Bush’s mistake in 2005 was that he was left vulnerable to a coalition of labor and senior voices.  The effort to make the necessary reforms will need a few new messages and strategies, such as:

  • Accurately positioning reform as the creation of the retirement system of the future, versus the retirement system of 1930.
  • Appeals to seniors that promising to protect their benefits while allow their children and grandchildren more freedom for their own retirement.
  • Engagement of young (age 22-35) members of the work force, who have the most to lose from a government-run retirement plan.
  • Tracking and satirizing Democrat, union, and AARP efforts to smear the plan.
  • Putting a real face on the people who stand to benefit from reform.

Gallagher is dead-on, however, in identifying Social Security as a probable Democratic talking point in 2010 (why stop now, after all?).  It has already started in the Nevada Senate race.  The need to counter this messaging is critical for Republicans.

Golden Years? Well, maybe bronze…

I got my 401k statement the other day. The timing couldn’t have been better – I needed a good scare just before Halloween.

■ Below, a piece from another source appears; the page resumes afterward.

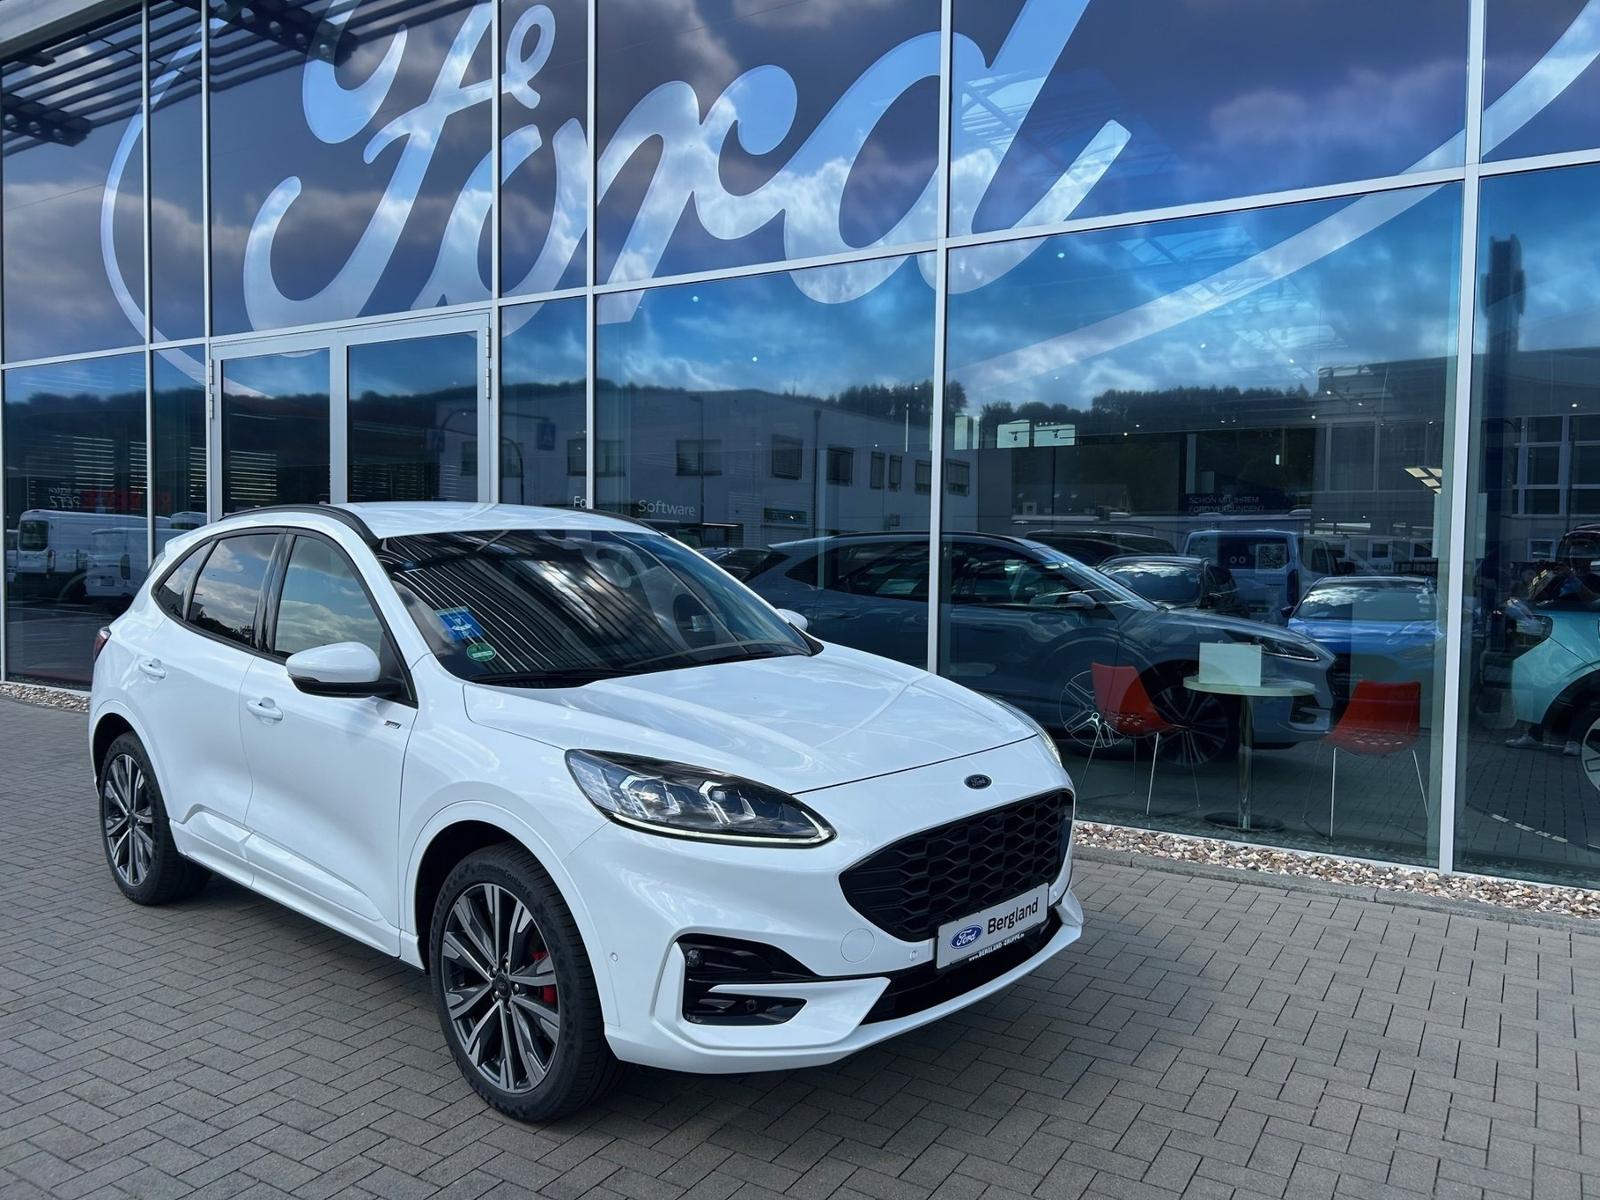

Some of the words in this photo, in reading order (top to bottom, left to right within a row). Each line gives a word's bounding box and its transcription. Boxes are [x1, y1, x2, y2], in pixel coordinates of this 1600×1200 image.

With a good 40 years to go before I’m retirement age, I’m not all that worried. I still have time to continue a long-term retirement plan. Of course, that plan doesn’t include Social Security, which will not be available to me. All of the promises of Obama and others to “protect social security” is a transparent vote grab – and a reasonable one, because seniors tend to vote more often. I’d pander to them too. But here in the real world, I have to figure out how to save for retirement while flushing 7.5% of my paycheck down the crapper for a government-mandated retirement plan that’s about as dependable as an Enron pension.

As Election Day draws near, Republicans across the country will be accused of wanting to dismantle Social Security, Medicare, and other entitlement programs – as if these programs worked.

George Mason Economics Professor Walter Williams has a great line about government entitlements. Professor Williams points out that the facets of American Society that people are most satisfied with – the Internet, the availability of retail goods, etc. – are items in which the free market has been allowed to flourish. But the more regulations and government control exists, the more people tend to be dissatisfied – as they are with education, roads and traffic, fuel supplies.

I know I’d be a lot happier if I could bolster my 401k by saving 7.5% of each paycheck, instead of throwing it away.